#### Provided entries

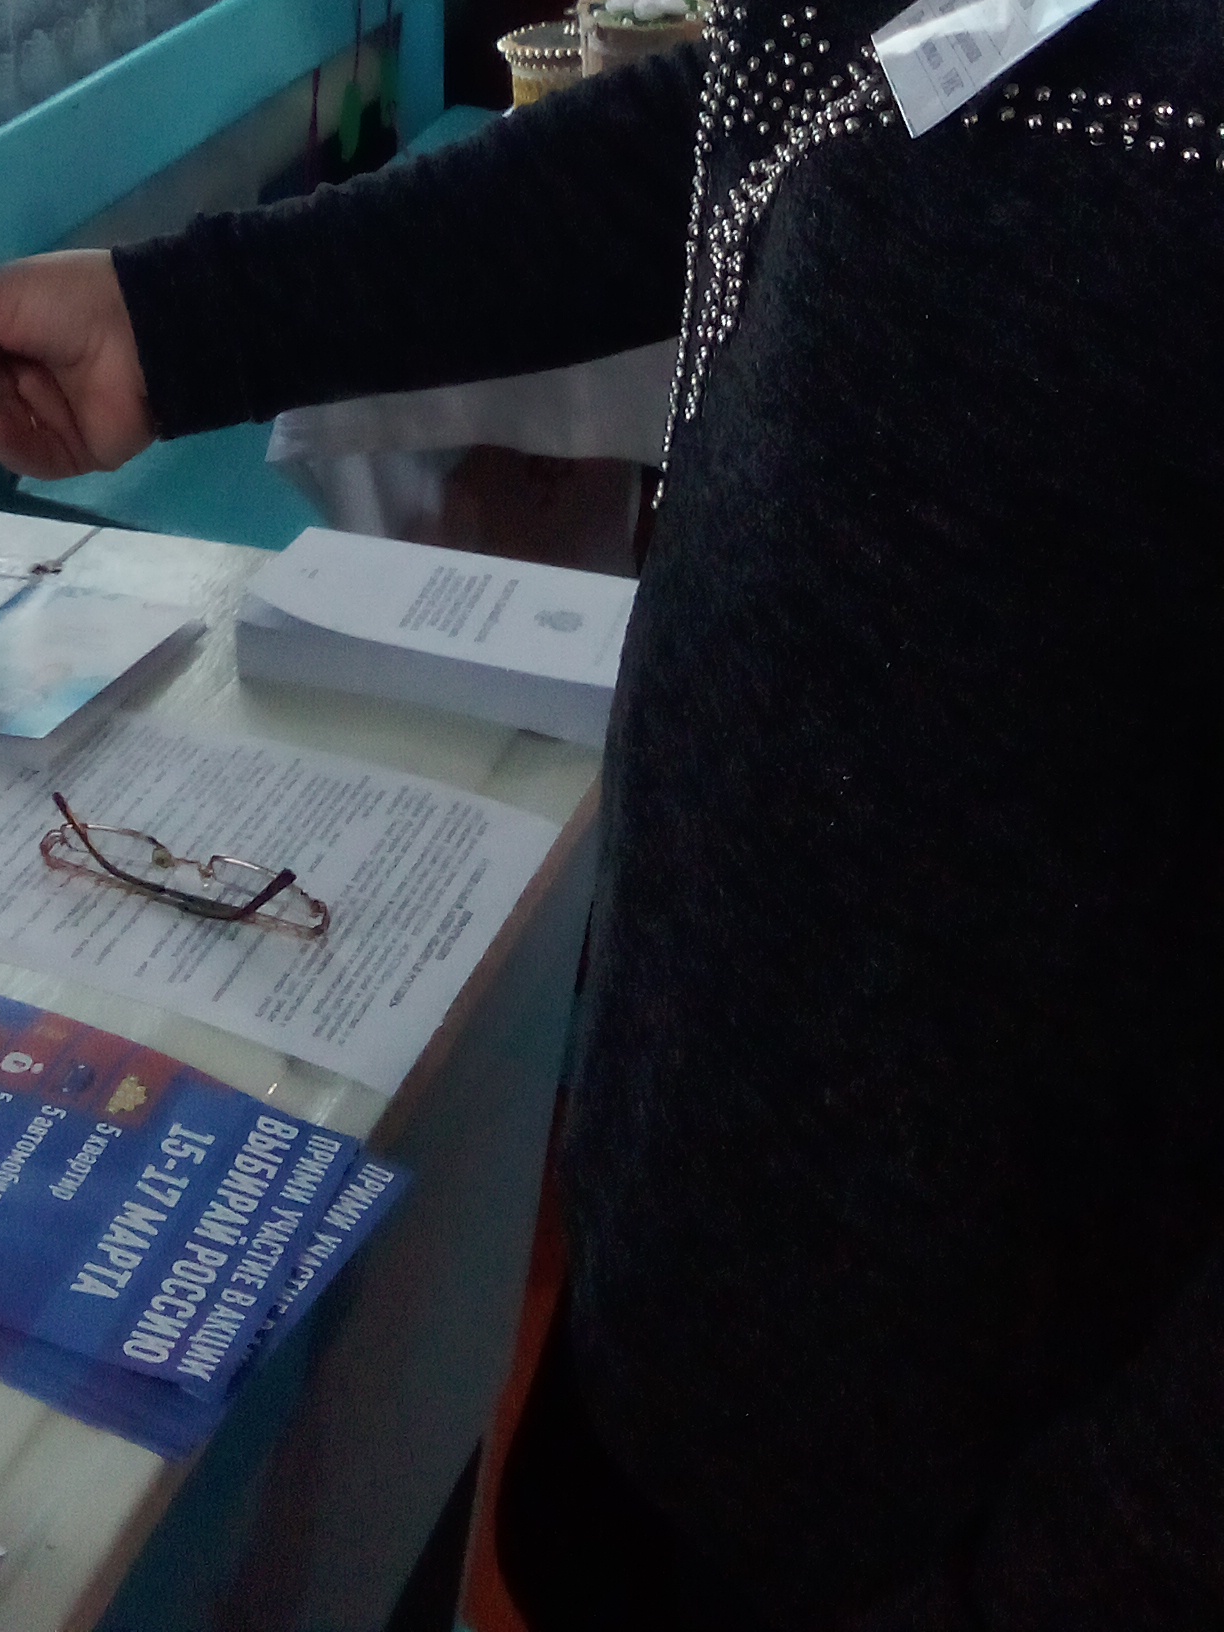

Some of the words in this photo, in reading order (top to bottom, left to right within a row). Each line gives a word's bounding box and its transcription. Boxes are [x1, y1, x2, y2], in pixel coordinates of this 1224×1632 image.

[37, 1103, 68, 1119] 5
[93, 1121, 123, 1138] 5
[43, 1132, 112, 1202] квартир
[133, 1121, 217, 1208] 15-17
[192, 1115, 301, 1247] ВЫБИРАЙ
[278, 1134, 343, 1204] ПРИМИ
[321, 1161, 395, 1233] ПРИМИ
[68, 1200, 170, 1300] МАРТА
[228, 1206, 304, 1289] УЧАСТИЕ
[119, 1241, 229, 1365] РОССИЮ
[218, 1287, 257, 1307] В
[175, 1303, 247, 1382] АКЦИИ
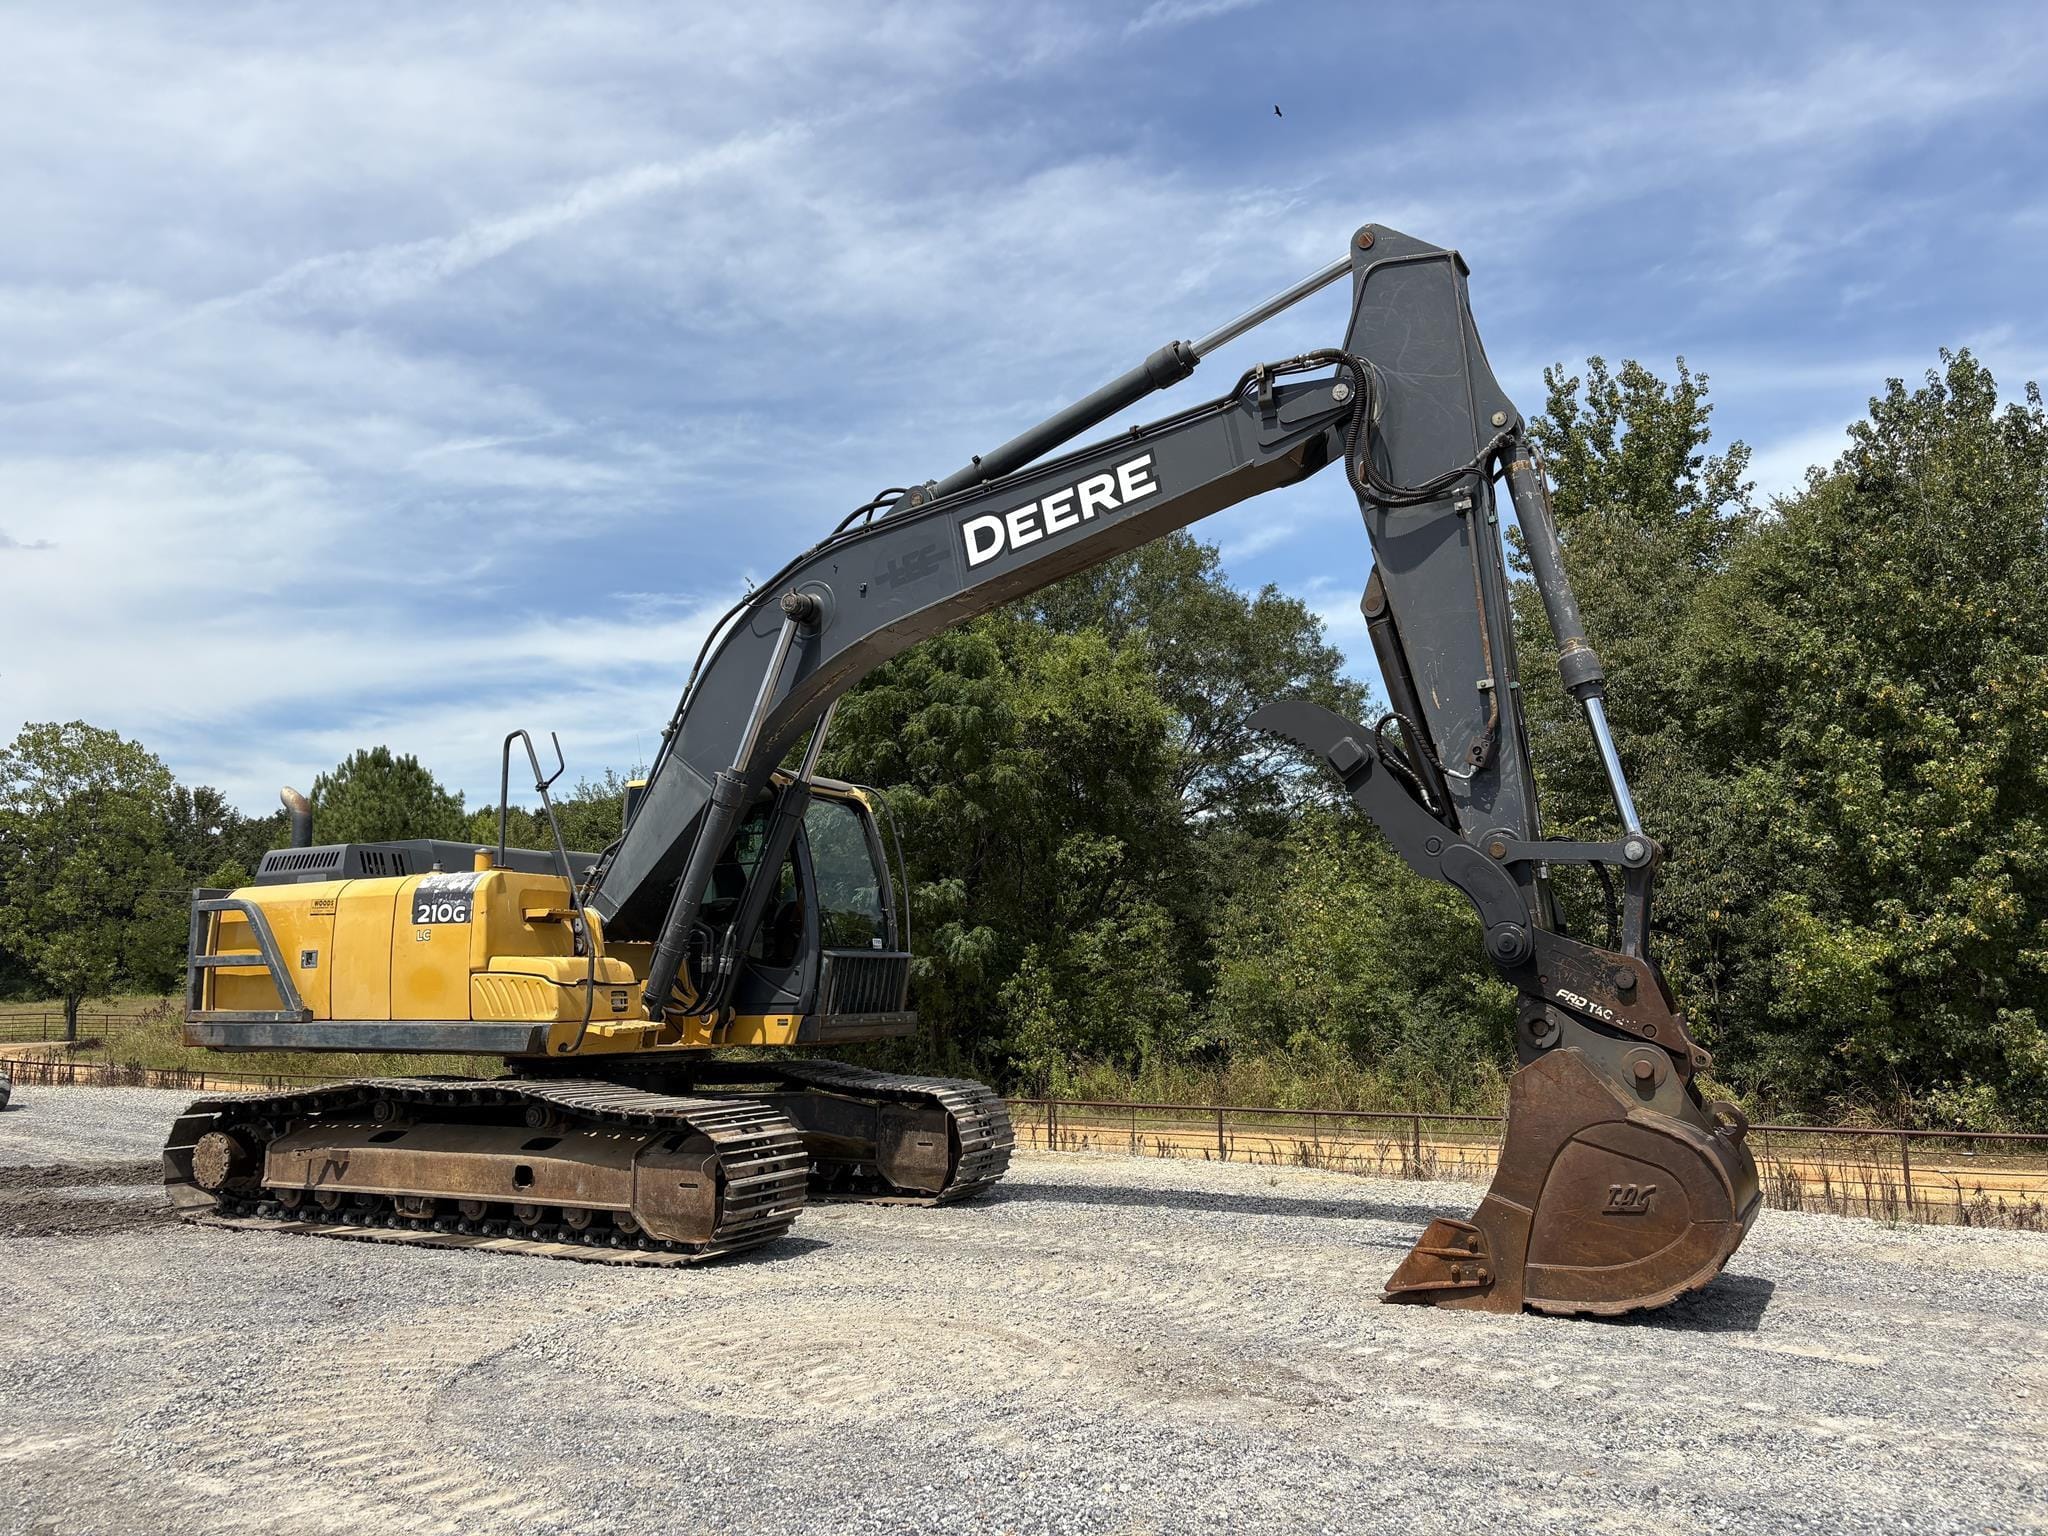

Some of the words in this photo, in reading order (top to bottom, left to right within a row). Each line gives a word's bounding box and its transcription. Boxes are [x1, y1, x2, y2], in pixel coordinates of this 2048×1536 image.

[962, 454, 1158, 567] DEERE
[417, 904, 466, 923] 210G
[416, 929, 432, 941] LC

########

__Exercise brief__. Make a word-for-word copy of the entries, without any pictures.

__Reply to the task__.
Some of the words in this photo, in reading order (top to bottom, left to right within a row). Each line gives a word's bounding box and its transcription. Boxes are [x1, y1, x2, y2], in pixel coordinates of this 1224×1632 image.

[37, 1103, 68, 1119] 5
[93, 1121, 123, 1138] 5
[43, 1132, 112, 1202] квартир
[133, 1121, 217, 1208] 15-17
[192, 1115, 301, 1247] ВЫБИРАЙ
[278, 1134, 343, 1204] ПРИМИ
[321, 1161, 395, 1233] ПРИМИ
[68, 1200, 170, 1300] МАРТА
[228, 1206, 304, 1289] УЧАСТИЕ
[119, 1241, 229, 1365] РОССИЮ
[218, 1287, 257, 1307] В
[175, 1303, 247, 1382] АКЦИИ

Some of the words in this photo, in reading order (top to bottom, left to right within a row). Each line gives a word's bounding box and its transcription. Boxes are [x1, y1, x2, y2], in pixel coordinates of this 2048×1536 image.

[962, 454, 1158, 567] DEERE
[417, 904, 466, 923] 210G
[416, 929, 432, 941] LC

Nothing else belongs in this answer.